I hope that this allows the EU to trade prime matters and other goods in
Euros, since interests are alligning perfectly.

------
joefranklinsrs
This actually looks like the start of the distanglement between the US economy
and the Chinese economy. What will likely happens next (my best guess) is

1.) 40-60 percent of a company’s supply chain moves out of China

2.) China restricting the movement of capital/equipments out of China (similar
to what happened with Korean companies last year)

3.) China growing homebrew competitors to the foreign companies leaving, part
of the ‘made in 2025 in China’ strategy, via state enterprises or state
spendings in startups. China will also make US companies’ operation in China
very hard, either with license restrictions, or increased local ownership.

4.) China will disincentivize Chinese consumers from purchasing US (or
foreign) products. Via propaganda, state media, others. This would be hard, as
Chinese consumers prefer higher quality, higher brand value, and higher
perceived value products.

5.) China will have to target US farmers with tariffs, as there isn’t much US
imports to tax otherwise. Plus, there is the face saving situation.

6.) US will increase the tariff coverage to all Chinese imports, either
triggered by tariffs on US farmers, or any other targets.

7.) China local governments will make a mistake of seizing a US owned
corporate asset, or prevent a factory from shutting down by its owners. This
will escalate the urgency for US companies to move out of China.
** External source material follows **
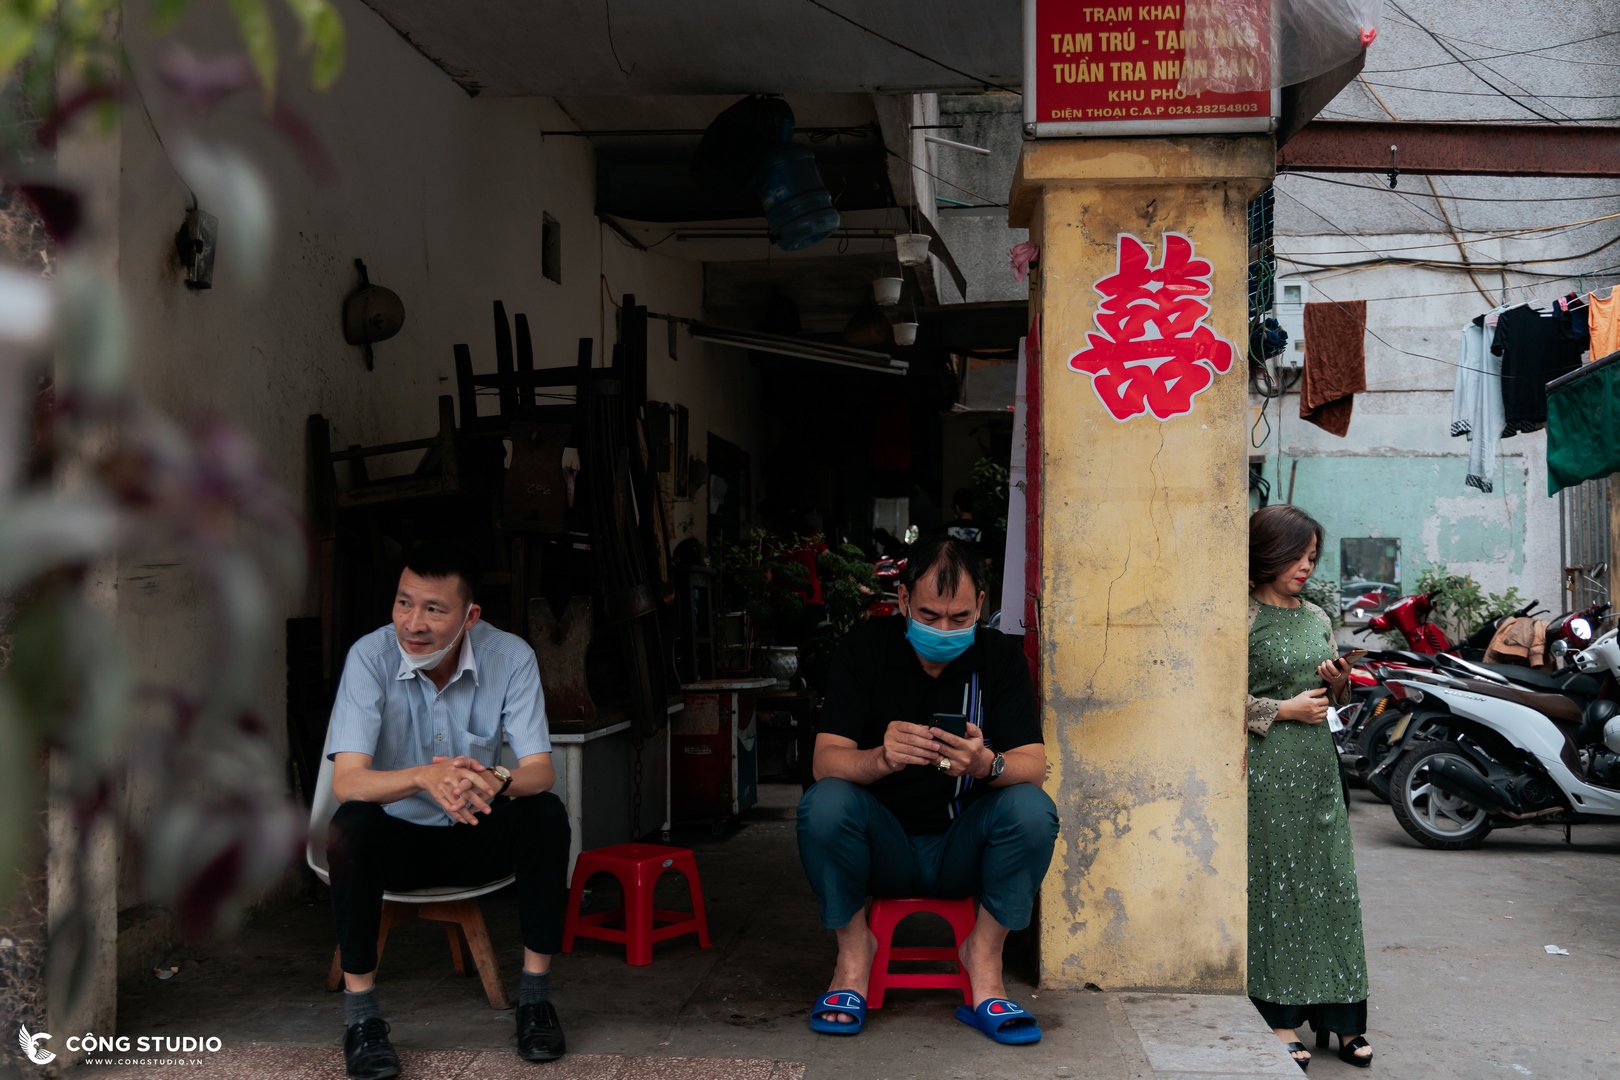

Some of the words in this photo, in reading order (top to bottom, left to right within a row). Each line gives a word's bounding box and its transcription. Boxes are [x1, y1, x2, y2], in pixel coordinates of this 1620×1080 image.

8.) 70-100% of company’s supply line will be out of China

9.) Eventually, most direct trades between both countries shrink. Down to a
significant level where it starts to drop gdp for both countries (China way
more than US)

10.) China will have no choice but to embrace its lost decade, ala Japan. It
will tighten controls on its citizens. It will try to contain high inflation
and high unemploment rate. It will try to unwind its debt for the next 10-20
years.

------
lpcam33
Is anyone here curious about where the tariffs income will be spent?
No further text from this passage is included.